LOS ANGELES — Antonia Hernandez, president and CEO of California Community Foundation, announced Friday that she would be retiring from her position during a special recognition of her work by the Los Angeles City Council.
“Let’s celebrate all the wonderful things about L.A. while acknowledging the challenges,” Hernandez said. “I am not retiring. I’m reclaiming my time to do whatever I want to do with whomever I want to do it.”
Councilwoman Monica Rodriguez led the presentation and highlighted Hernandez’s life and career. The councilwoman described Hernandez as a “remarkable leader that has broken down barriers for decades.”
Rodriguez alongside her colleagues thanked Hernandez for her many years of contributions to the city and whose work has been “revolutionary in ensuring justice for communities of color.”
Hernandez, an attorney, activist and philanthropist, is the current president and CEO of the California Community Foundation, a nonprofit that provides funding for organizations throughout Southern California.
She graduated from Garfield High School in East Los Angeles, attended East Los Angeles Community College and eventually earned her bachelors in history from the University of California Los Angeles. Hernandez later earned her JD from UCLA School of Law.
“Antonia showed interest in civic engagement from a very young age, commencing her political activism during the Civil Rights and Chicano movement of the 1960s,” Rodriguez said.

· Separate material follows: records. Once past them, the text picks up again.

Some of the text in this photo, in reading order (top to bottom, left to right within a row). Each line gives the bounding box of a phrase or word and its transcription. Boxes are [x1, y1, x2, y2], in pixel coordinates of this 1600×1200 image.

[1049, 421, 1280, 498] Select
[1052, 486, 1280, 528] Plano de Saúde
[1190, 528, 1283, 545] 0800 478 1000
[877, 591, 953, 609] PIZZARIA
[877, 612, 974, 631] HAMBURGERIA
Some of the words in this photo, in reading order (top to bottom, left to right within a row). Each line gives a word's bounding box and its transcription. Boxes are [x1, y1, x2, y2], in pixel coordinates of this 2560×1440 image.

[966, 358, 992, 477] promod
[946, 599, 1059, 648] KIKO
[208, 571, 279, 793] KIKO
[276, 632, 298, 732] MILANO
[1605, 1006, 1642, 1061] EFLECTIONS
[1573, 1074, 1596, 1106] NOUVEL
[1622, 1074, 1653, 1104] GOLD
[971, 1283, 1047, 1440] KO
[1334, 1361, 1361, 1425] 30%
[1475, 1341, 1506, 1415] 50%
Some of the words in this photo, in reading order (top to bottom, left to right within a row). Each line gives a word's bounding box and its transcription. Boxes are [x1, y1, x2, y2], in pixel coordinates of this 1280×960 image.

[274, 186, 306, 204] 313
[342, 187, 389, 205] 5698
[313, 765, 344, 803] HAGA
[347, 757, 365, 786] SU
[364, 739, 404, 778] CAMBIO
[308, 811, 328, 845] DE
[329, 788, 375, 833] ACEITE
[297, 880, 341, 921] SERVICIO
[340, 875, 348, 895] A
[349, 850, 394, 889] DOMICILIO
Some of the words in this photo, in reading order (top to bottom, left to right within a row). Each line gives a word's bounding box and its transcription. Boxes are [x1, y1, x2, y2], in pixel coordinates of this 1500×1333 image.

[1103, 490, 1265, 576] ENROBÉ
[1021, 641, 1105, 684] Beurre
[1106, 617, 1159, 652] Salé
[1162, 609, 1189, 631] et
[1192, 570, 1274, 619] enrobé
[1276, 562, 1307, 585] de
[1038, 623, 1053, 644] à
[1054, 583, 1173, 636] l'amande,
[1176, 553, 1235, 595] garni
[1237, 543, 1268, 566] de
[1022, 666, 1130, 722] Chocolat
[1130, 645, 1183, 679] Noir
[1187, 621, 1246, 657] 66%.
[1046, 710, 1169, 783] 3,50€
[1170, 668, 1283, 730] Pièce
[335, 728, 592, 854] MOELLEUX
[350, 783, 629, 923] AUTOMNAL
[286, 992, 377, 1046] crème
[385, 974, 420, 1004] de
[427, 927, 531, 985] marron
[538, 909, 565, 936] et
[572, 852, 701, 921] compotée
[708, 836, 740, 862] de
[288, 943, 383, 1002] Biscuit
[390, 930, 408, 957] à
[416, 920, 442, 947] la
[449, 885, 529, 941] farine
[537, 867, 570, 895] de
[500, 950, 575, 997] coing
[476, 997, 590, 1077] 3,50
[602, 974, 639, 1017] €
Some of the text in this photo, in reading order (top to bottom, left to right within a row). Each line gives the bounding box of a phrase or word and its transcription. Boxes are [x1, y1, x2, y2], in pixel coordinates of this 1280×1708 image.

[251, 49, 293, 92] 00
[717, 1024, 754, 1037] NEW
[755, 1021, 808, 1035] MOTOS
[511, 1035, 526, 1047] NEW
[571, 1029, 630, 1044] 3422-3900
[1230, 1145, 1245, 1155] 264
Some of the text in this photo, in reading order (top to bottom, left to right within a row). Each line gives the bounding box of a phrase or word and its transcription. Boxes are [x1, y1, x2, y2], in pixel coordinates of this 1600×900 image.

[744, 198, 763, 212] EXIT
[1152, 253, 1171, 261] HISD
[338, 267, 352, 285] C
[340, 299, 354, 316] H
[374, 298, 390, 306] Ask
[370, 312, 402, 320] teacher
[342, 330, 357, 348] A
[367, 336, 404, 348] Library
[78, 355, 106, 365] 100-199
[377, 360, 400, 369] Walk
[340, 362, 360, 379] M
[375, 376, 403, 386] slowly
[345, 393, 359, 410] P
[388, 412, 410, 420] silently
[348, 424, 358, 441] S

“In her noteworthy legal career, she started as a staff attorney at the Los Angeles Center for Law and Justice, where she prosecuted landmark cases such as the class action lawsuit Madrigal v. Quilligan in 1978.”
Hernandez fought against the alleged uncontested sterilization of Latina immigrant women in California. Though the case was not won, Rodriguez said Hernandez’s work “paved the way for medical reform in the state by requiring informed consent for non-English speaking…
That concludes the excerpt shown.